● Task to carry out: An exact, complete copy of the entries is needed, with the pictures left out.

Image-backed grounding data

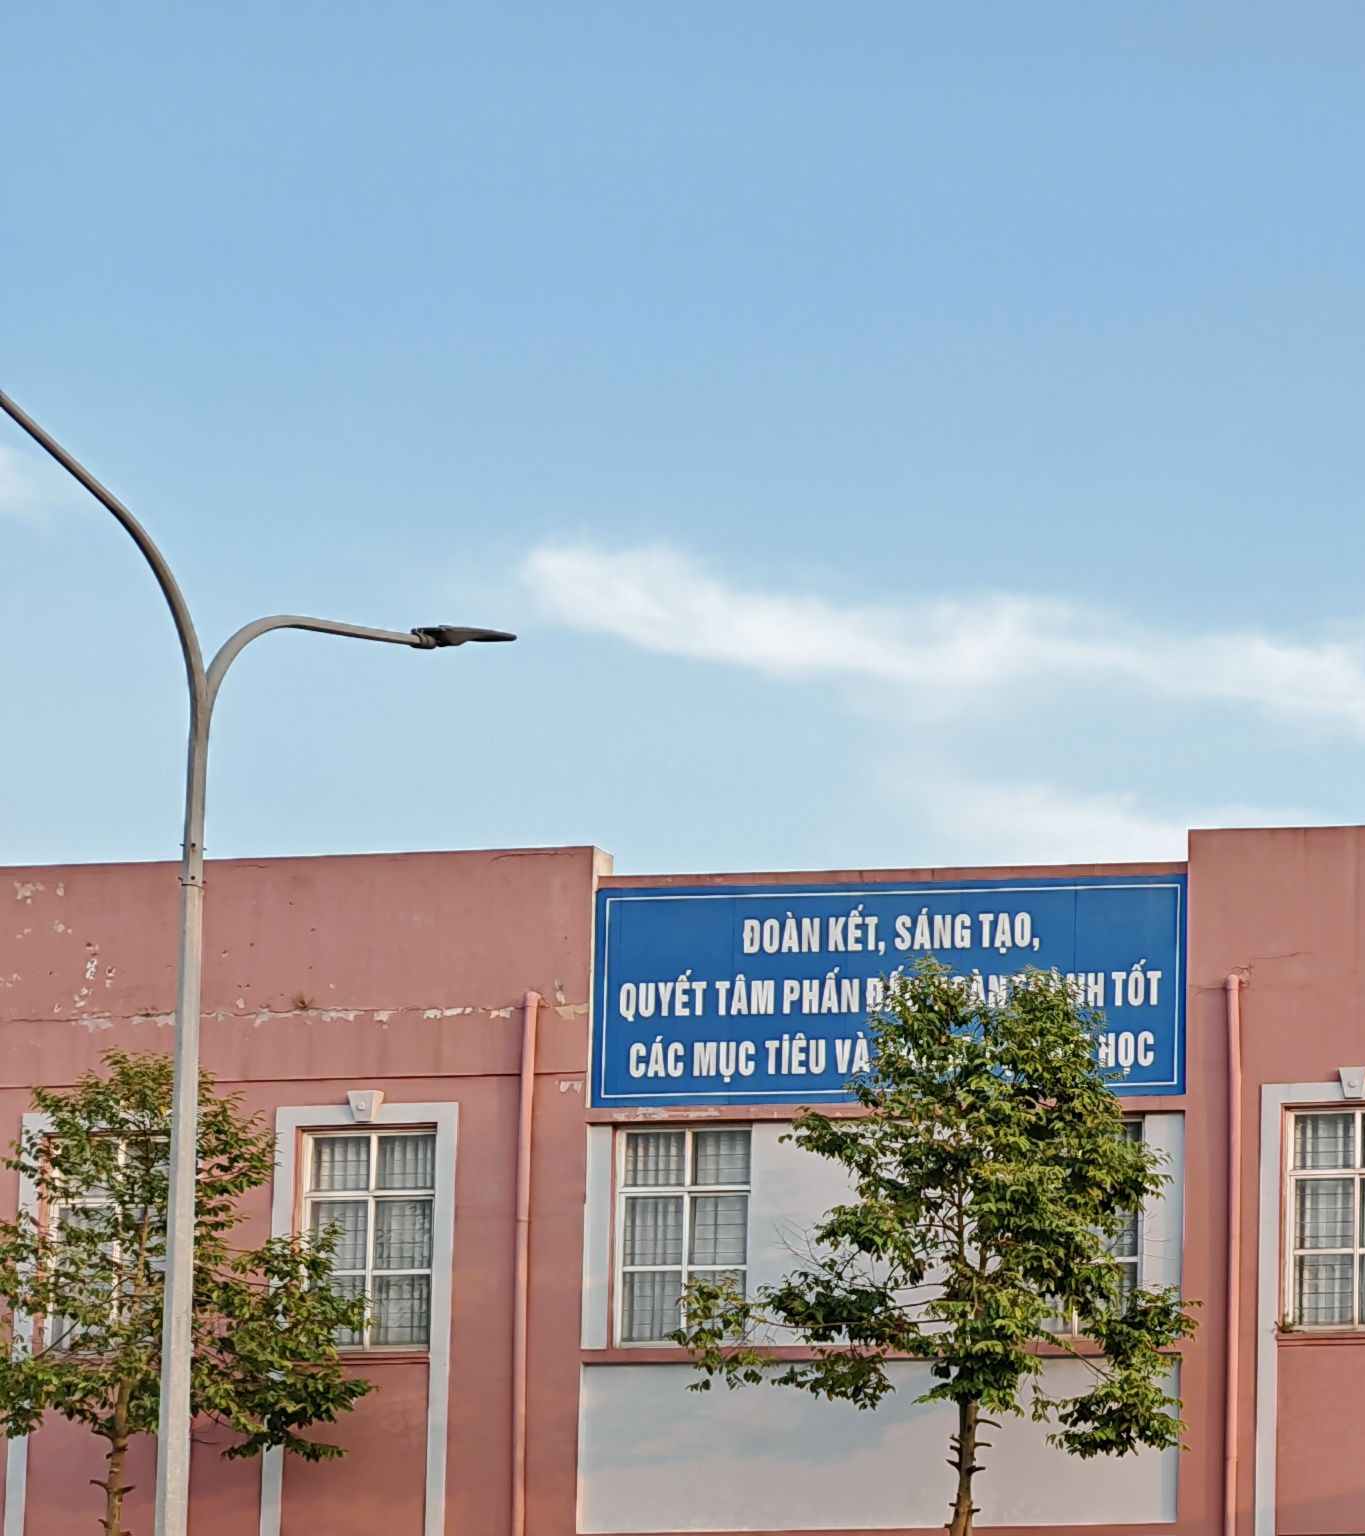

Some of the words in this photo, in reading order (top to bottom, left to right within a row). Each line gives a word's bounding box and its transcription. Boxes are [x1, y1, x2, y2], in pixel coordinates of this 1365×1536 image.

[742, 911, 820, 954] ĐOÀN
[828, 904, 885, 955] KẾT,
[894, 907, 971, 951] SÁNG
[979, 911, 1040, 954] TẠO,
[619, 969, 707, 1022] QUYẾT
[715, 974, 775, 1016] TÂM
[782, 967, 860, 1014] PHẤN
[1111, 959, 1162, 1007] TỐT
[629, 1035, 684, 1078] CÁC
[693, 1040, 756, 1083] MỤC
[835, 1031, 872, 1074] VÀ
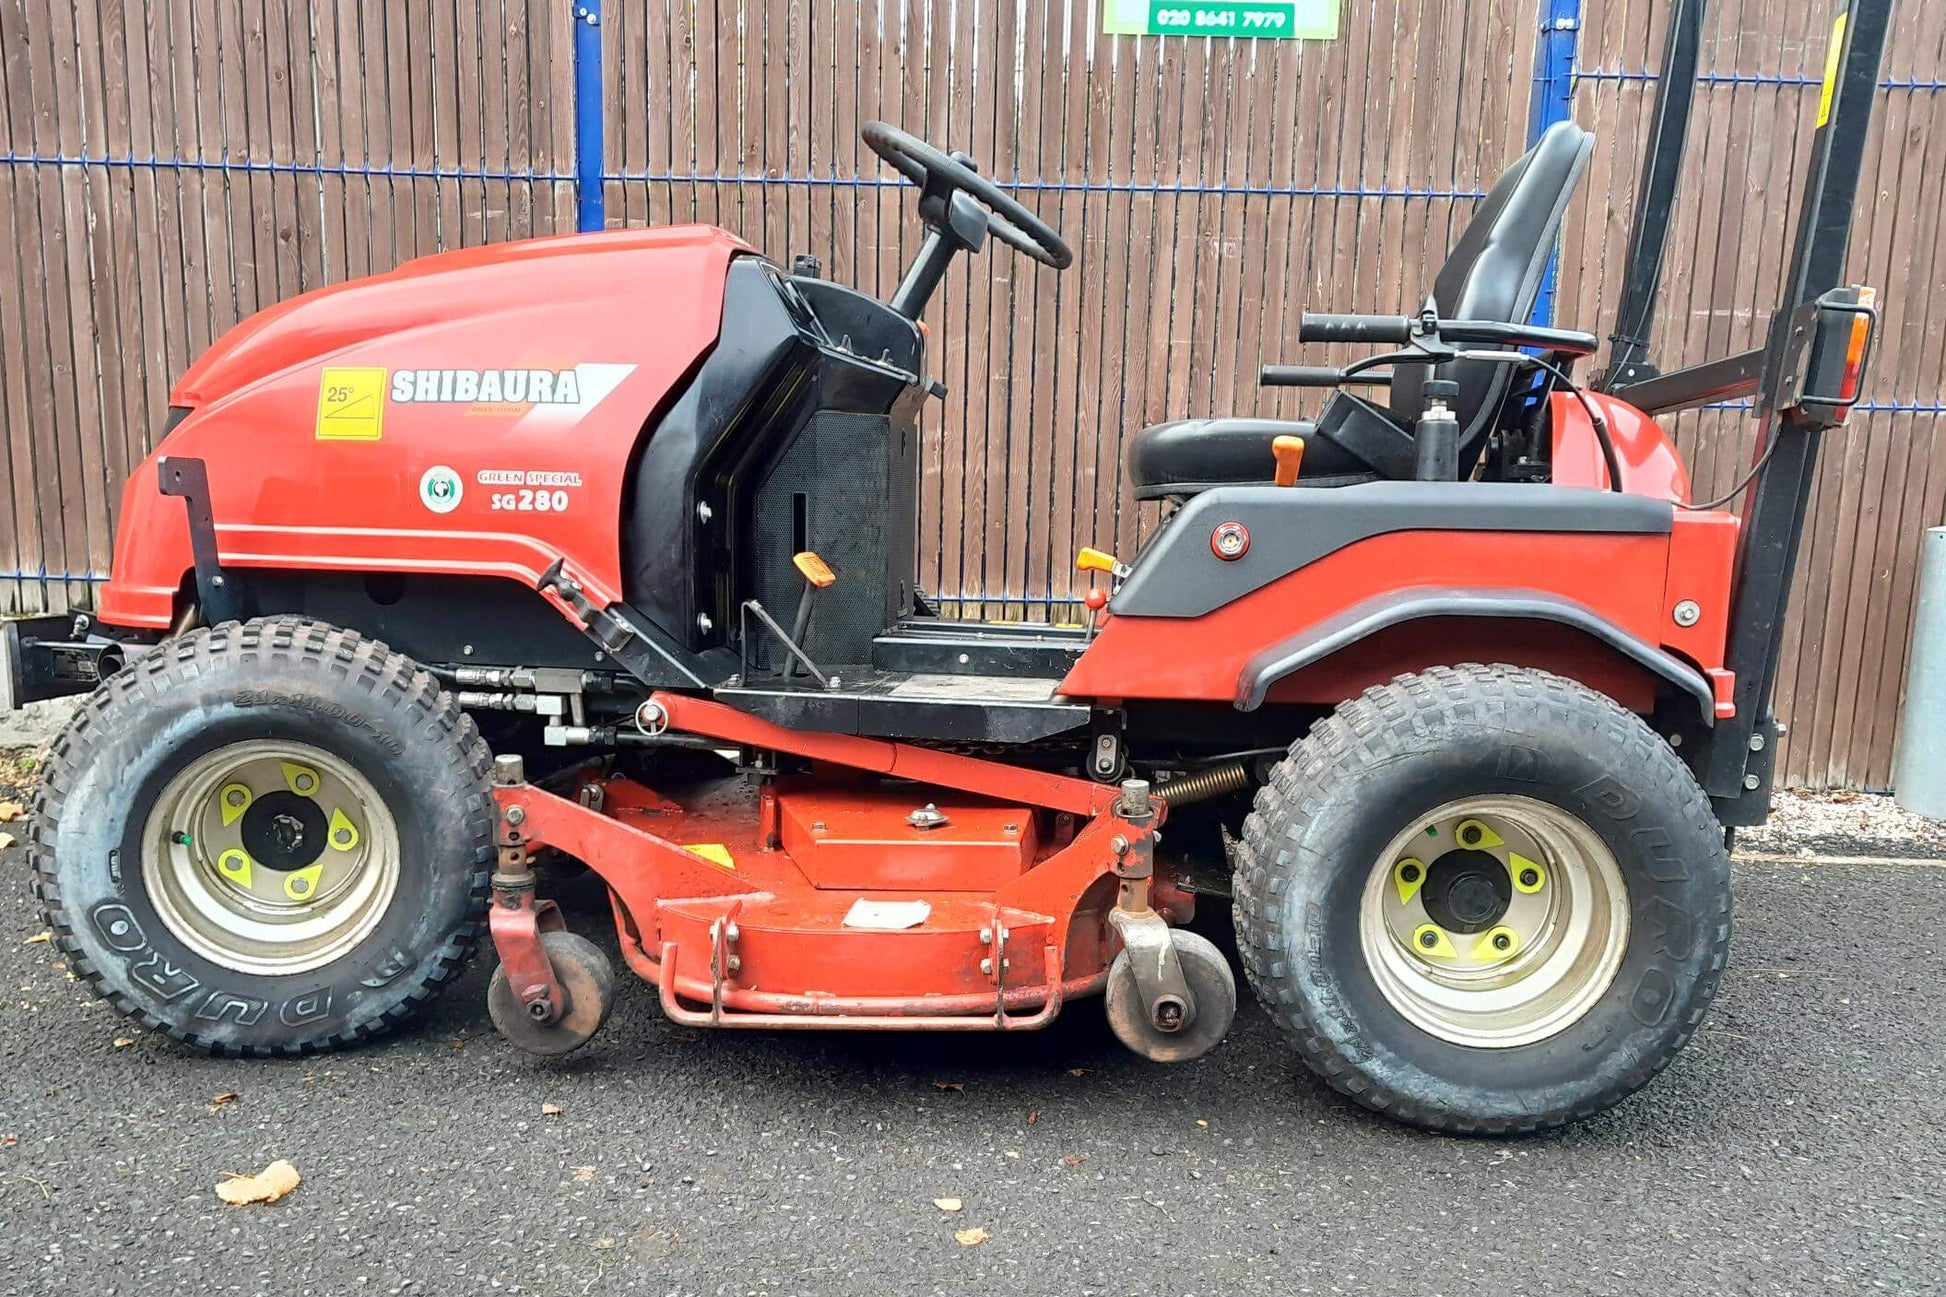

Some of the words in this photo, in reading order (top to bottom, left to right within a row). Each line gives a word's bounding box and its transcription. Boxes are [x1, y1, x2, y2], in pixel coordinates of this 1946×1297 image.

[1157, 9, 1191, 26] 020
[1242, 11, 1286, 28] 7979
[391, 368, 580, 404] SHIBAURA
[478, 471, 524, 483] GREEN
[528, 472, 581, 485] SPECIAL
[1572, 774, 1693, 1027] DURO
[93, 903, 335, 1029] DURO

● Written response:
Some of the words in this photo, in reading order (top to bottom, left to right within a row). Each line gives a word's bounding box and its transcription. Boxes are [x1, y1, x2, y2], in pixel coordinates of this 1365×1536 image.

[742, 911, 820, 954] ĐOÀN
[828, 904, 885, 955] KẾT,
[894, 907, 971, 951] SÁNG
[979, 911, 1040, 954] TẠO,
[619, 969, 707, 1022] QUYẾT
[715, 974, 775, 1016] TÂM
[782, 967, 860, 1014] PHẤN
[1111, 959, 1162, 1007] TỐT
[629, 1035, 684, 1078] CÁC
[693, 1040, 756, 1083] MỤC
[835, 1031, 872, 1074] VÀ

Some of the words in this photo, in reading order (top to bottom, left to right within a row). Each line gives a word's bounding box and its transcription. Boxes are [x1, y1, x2, y2], in pixel coordinates of this 1946×1297 image.

[1157, 9, 1191, 26] 020
[1242, 11, 1286, 28] 7979
[391, 368, 580, 404] SHIBAURA
[478, 471, 524, 483] GREEN
[528, 472, 581, 485] SPECIAL
[1572, 774, 1693, 1027] DURO
[93, 903, 335, 1029] DURO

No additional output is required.